* Exercise data
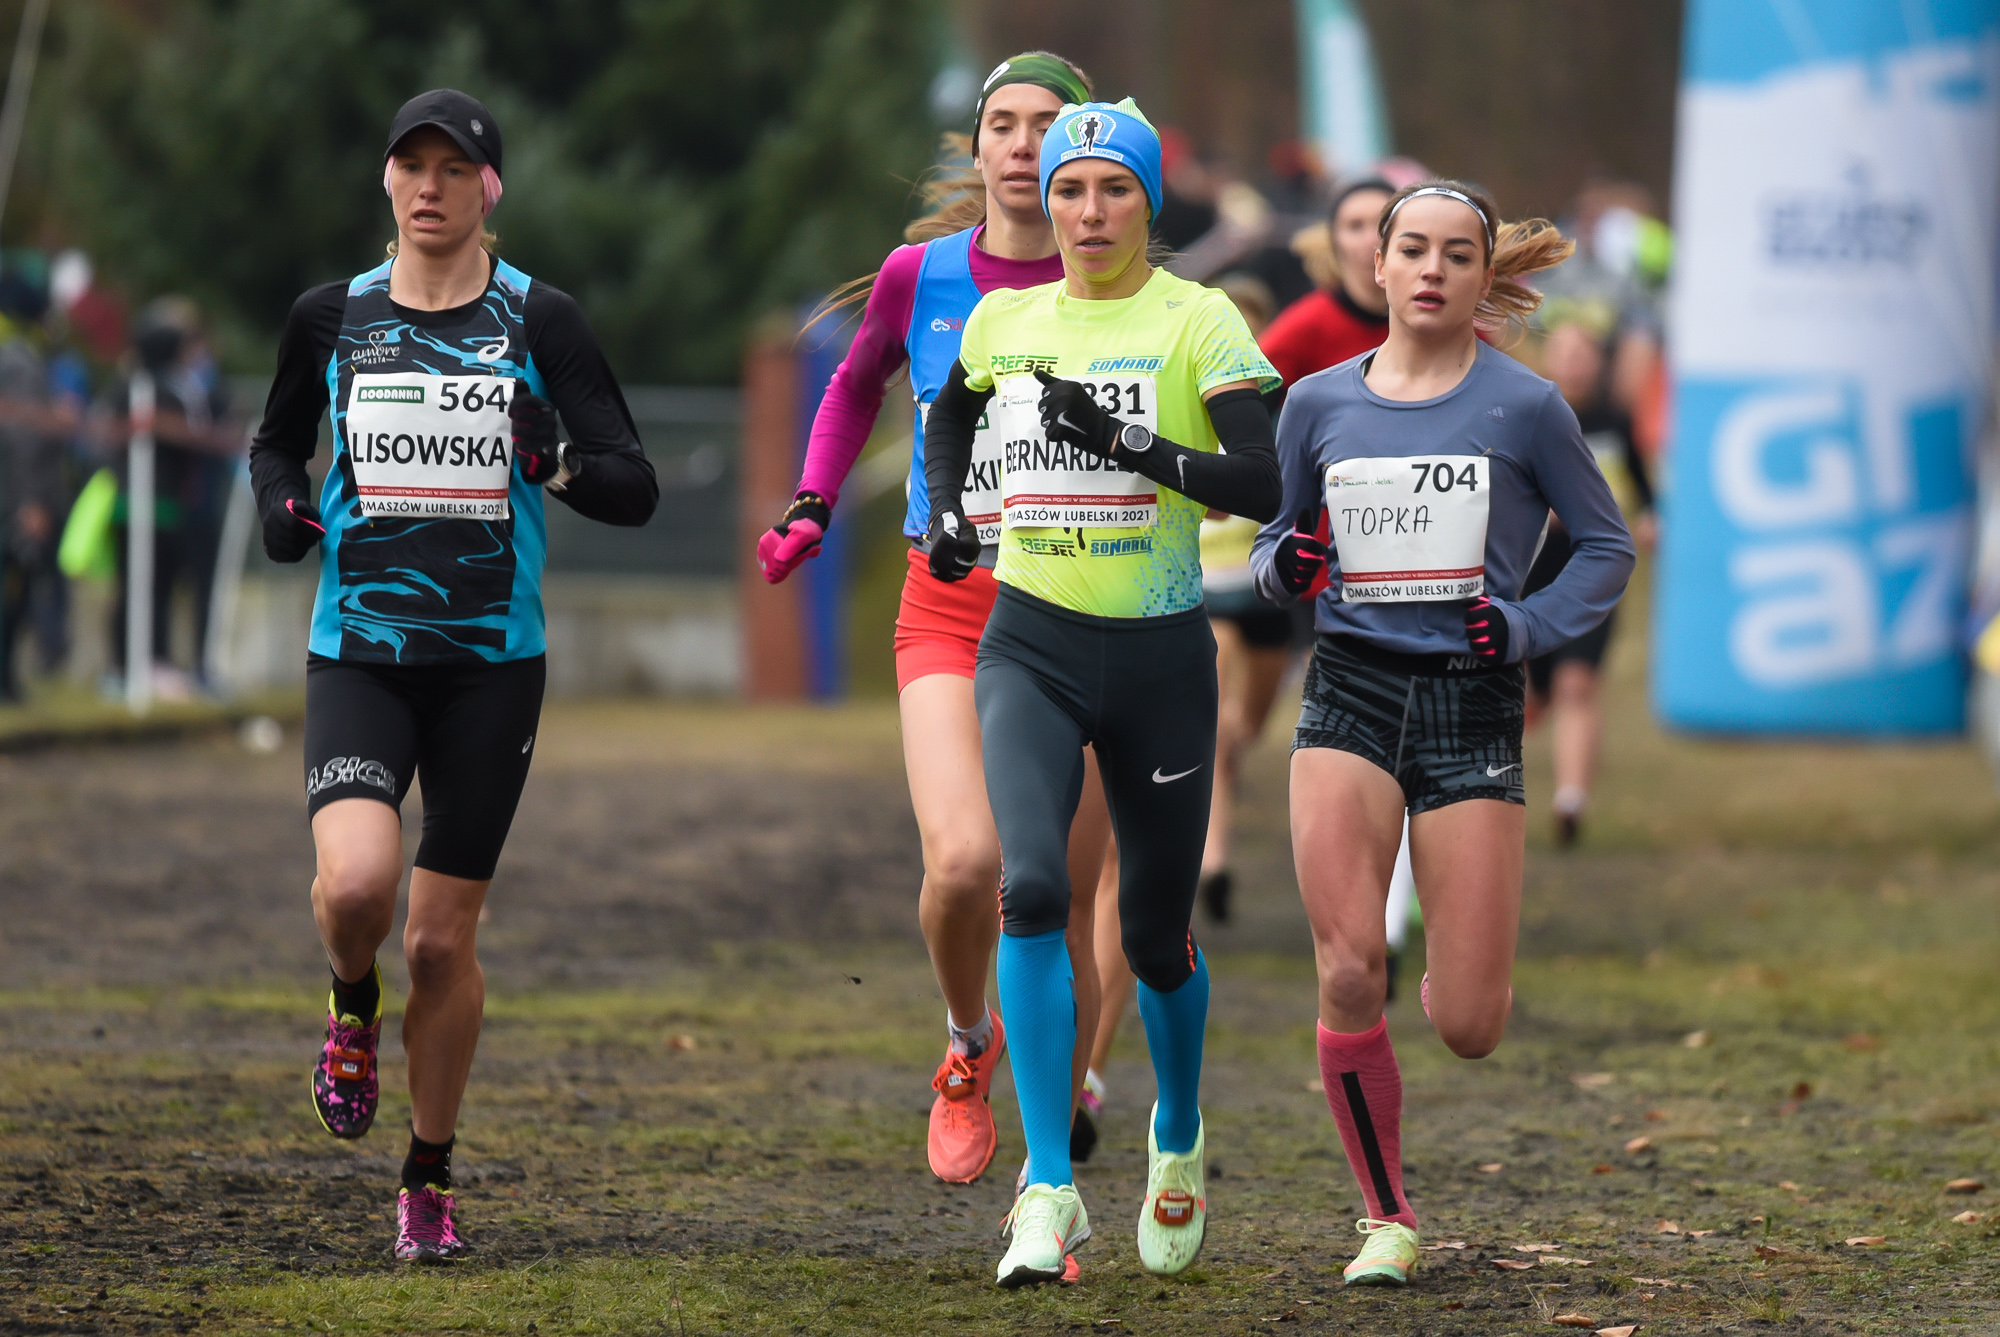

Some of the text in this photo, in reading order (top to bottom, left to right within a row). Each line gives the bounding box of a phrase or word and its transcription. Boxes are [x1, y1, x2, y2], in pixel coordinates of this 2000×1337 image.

[363, 357, 386, 365] PASTA
[361, 382, 508, 413] BOGDANKA 564
[352, 432, 509, 467] LISOWSKA
[1411, 463, 1478, 493] 704
[425, 502, 477, 515] LUBELSKI
[1064, 510, 1117, 522] LUBELSKI
[1122, 510, 1150, 521] 2021
[1341, 505, 1433, 536] TOPKA
[1090, 537, 1153, 556] SONAROL
[1405, 585, 1454, 596] LUBELSKI
[1457, 581, 1479, 595] 2021
[306, 756, 396, 802] ASICS

* Activity
Pictures stay out. Write out everything else in the material exactly.

* Answer box
Some of the text in this photo, in reading order (top to bottom, left to right within a row). Each line gives the bounding box of a phrase or word and its transcription. Boxes are [x1, y1, x2, y2], in pixel coordinates of this 2000×1337 image.

[363, 357, 386, 365] PASTA
[361, 382, 508, 413] BOGDANKA 564
[352, 432, 509, 467] LISOWSKA
[1411, 463, 1478, 493] 704
[425, 502, 477, 515] LUBELSKI
[1064, 510, 1117, 522] LUBELSKI
[1122, 510, 1150, 521] 2021
[1341, 505, 1433, 536] TOPKA
[1090, 537, 1153, 556] SONAROL
[1405, 585, 1454, 596] LUBELSKI
[1457, 581, 1479, 595] 2021
[306, 756, 396, 802] ASICS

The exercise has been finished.